NIDRA 0.1.0

A tool for scoring sleep data from PSG and forehead EEG recordings.

NIDRA v0.1 - super simple sleep scoring

Neural networks can perform highly accurate, automated sleep scoring, but these technologies are often difficult to implement. NIDRA is a fool-proof, simple-to-use tool for scoring sleep recordings using the best currently available autoscoring machine learning algorithms. No programming required, but a CLI and python endpoints are available. NIDRA can autoscore data from polysomnography (PSG) recordings, as well as from 2-channel EEG wearables (such as ZMax).
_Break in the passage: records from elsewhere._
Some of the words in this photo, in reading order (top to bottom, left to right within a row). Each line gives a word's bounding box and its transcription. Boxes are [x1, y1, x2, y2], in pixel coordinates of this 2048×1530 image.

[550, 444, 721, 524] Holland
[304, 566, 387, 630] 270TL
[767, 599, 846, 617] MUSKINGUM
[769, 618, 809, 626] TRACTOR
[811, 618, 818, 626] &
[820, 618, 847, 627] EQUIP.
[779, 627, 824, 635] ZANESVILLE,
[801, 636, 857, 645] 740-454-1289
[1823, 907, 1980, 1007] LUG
NIDRA enables anyone, including researchers without any programming experience, to use cutting-edge sleep scoring models. NIDRA uses the highly accurate U-Sleep2.0 and ez6moe models by default. Both models have been validated (see below) and perform sleep scoring on the level of human interrater agreement. NIDRA lives here: github.com/paulzerr/nidra

For a detailed user guide, please see the NIDRA Manual

## Installation

Option 1: Standalone executable

The easiest way to use NIDRA on Windows is via the portable, ready-to-go executable which requires no installation.
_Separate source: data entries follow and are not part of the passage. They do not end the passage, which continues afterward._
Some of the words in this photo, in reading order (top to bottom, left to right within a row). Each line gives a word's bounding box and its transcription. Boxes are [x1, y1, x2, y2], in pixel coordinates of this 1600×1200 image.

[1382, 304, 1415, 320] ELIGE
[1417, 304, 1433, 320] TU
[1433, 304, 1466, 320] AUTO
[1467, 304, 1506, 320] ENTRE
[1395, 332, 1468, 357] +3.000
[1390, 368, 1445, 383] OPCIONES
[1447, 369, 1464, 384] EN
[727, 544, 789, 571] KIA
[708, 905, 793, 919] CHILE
Download standalone NIDRA for Windows

Note: due to the restrictive environment of Windows, you may see a "Search on app store" popup window. Click "No". You may also see the blue Smartscreen warning. In that case click "run anyway". Should this fail, try installing via pip (see below).
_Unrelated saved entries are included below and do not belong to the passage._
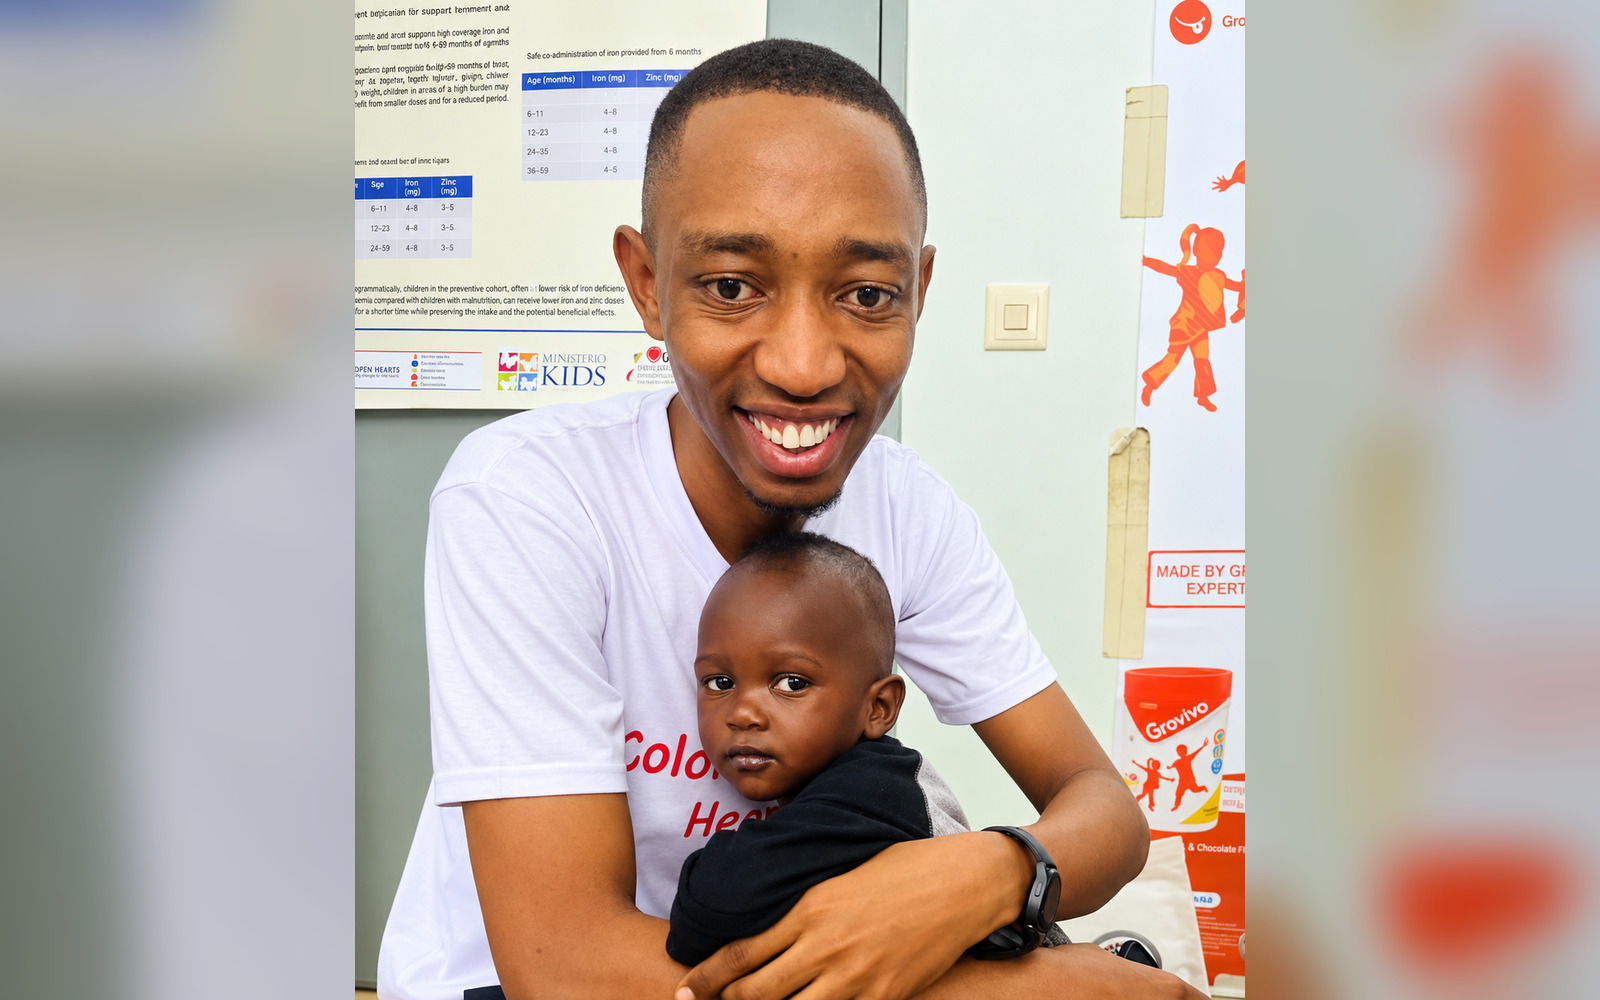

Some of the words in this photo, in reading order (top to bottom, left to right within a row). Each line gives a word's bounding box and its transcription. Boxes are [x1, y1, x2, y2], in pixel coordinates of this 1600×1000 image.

[437, 29, 450, 39] high
[452, 29, 481, 38] coverage
[483, 27, 495, 36] iron
[497, 26, 510, 35] and
[448, 39, 473, 49] months
[474, 39, 481, 48] of
[527, 52, 541, 60] Safe
[542, 50, 598, 60] co-administration
[598, 49, 605, 58] of
[606, 49, 620, 57] iron
[621, 48, 649, 57] provided
[651, 48, 667, 56] from
[669, 48, 674, 56] 6
[675, 48, 702, 56] months
[457, 61, 483, 70] months
[527, 76, 542, 85] Age
[543, 75, 576, 85] (months)
[592, 74, 607, 83] Iron
[608, 74, 626, 84] (mg)
[646, 73, 662, 82] Zinc
[664, 73, 682, 83] (mg)
[383, 87, 409, 96] children
[410, 86, 417, 95] in
[418, 86, 437, 94] areas
[438, 85, 445, 93] of
[453, 84, 468, 94] high
[469, 84, 493, 92] burden
[494, 84, 509, 93] may
[368, 99, 383, 108] from
[384, 98, 408, 108] smaller
[408, 97, 428, 106] doses
[428, 96, 441, 105] and
[442, 96, 451, 105] for
[458, 95, 485, 104] reduced
[486, 94, 510, 105] period.
[441, 178, 457, 186] Zinc
[404, 187, 420, 196] (mg)
[440, 187, 458, 196] (mg)
[449, 285, 484, 294] preventive
[485, 285, 510, 294] cohort,
[511, 284, 529, 292] often
[538, 284, 557, 292] lower
[571, 284, 579, 292] of
[580, 284, 593, 292] iron
[374, 297, 405, 306] compared
[461, 297, 502, 306] malnutrition,
[541, 296, 559, 304] lower
[560, 296, 574, 304] iron
[575, 296, 588, 304] and
[589, 296, 603, 304] zinc
[604, 297, 624, 305] doses
[370, 307, 394, 315] shorter
[394, 307, 410, 315] time
[410, 307, 428, 315] while
[429, 308, 463, 317] preserving
[498, 308, 512, 316] and
[526, 308, 556, 317] potential
[557, 308, 590, 316] beneficial
[591, 308, 617, 316] effects.
[542, 353, 607, 364] MINISTERIO
[355, 365, 373, 373] OPEN
[374, 366, 400, 374] HEARTS
[541, 365, 607, 387] KIDS
[1157, 564, 1201, 578] MADE
[1205, 564, 1225, 578] BY
[1187, 582, 1245, 595] EXPERT
[1145, 702, 1209, 740] Grovivo
[625, 730, 719, 780] Colo
[1188, 842, 1195, 852] &
[1197, 843, 1237, 854] Chocolate
Option 2: Install from PyPI

First, make sure you have Python installed (3.10 or later recommended). It is highly recommended to create a clean virtual environment to install NIDRA. This prevents conflicts with other packages.

Windows:

python -m venv nidra-env
nidra-env\Scripts\activate
pip install nidra

Mac/Linux:

python -m venv nidra-env
source nidra-env/bin/activate
pip install nidra

Or install using Conda (Windows/Mac/Linux): First install e.g., Miniconda.

conda create -n nidra-env
conda activate nidra-env
pip install nidra

Launch the graphical interface:

nidra

Note: If you installed via pip, the first time you run NIDRA, the necessary model files will be automatically downloaded from https://huggingface.co/pzerr/NIDRA_models/ (~152MB).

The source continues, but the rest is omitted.